■ **Instructions to follow**
Copy out each record that follows exactly, and omit any picture you find.

■ **Data listing**
=-=-=

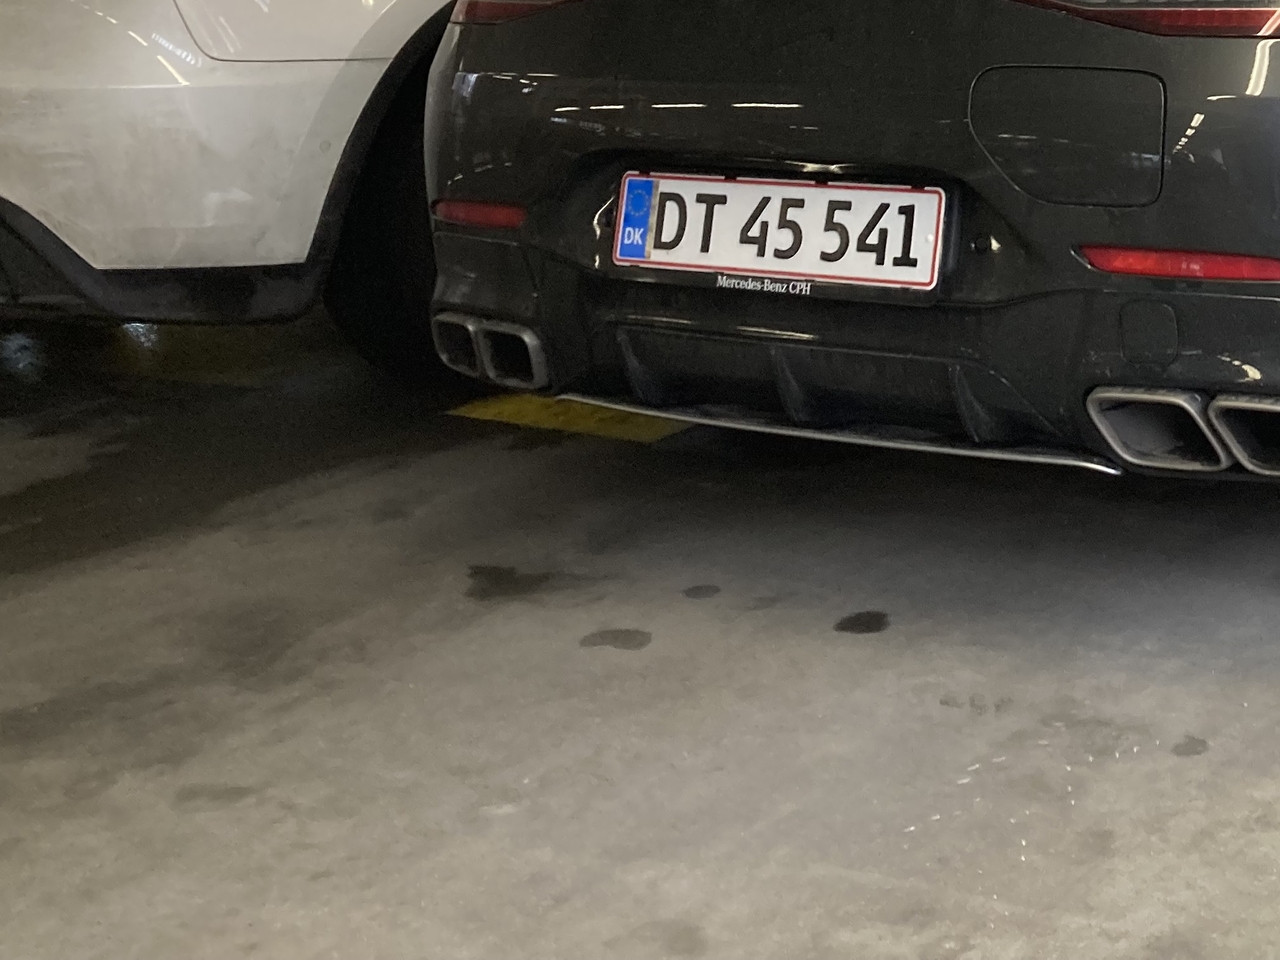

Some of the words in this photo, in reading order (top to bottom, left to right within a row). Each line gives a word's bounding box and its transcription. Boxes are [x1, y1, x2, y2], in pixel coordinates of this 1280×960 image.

[623, 227, 645, 246] DK
[653, 191, 727, 254] DT
[738, 195, 806, 260] 45
[819, 200, 918, 268] 541
[716, 274, 788, 294] Mercedes-Benz
[788, 280, 812, 296] CPH

=-=-=

■ **Response to this exercise**
Some of the words in this photo, in reading order (top to bottom, left to right within a row). Each line gives a word's bounding box and its transcription. Boxes are [x1, y1, x2, y2], in pixel coordinates of this 1280×960 image.

[623, 227, 645, 246] DK
[653, 191, 727, 254] DT
[738, 195, 806, 260] 45
[819, 200, 918, 268] 541
[716, 274, 788, 294] Mercedes-Benz
[788, 280, 812, 296] CPH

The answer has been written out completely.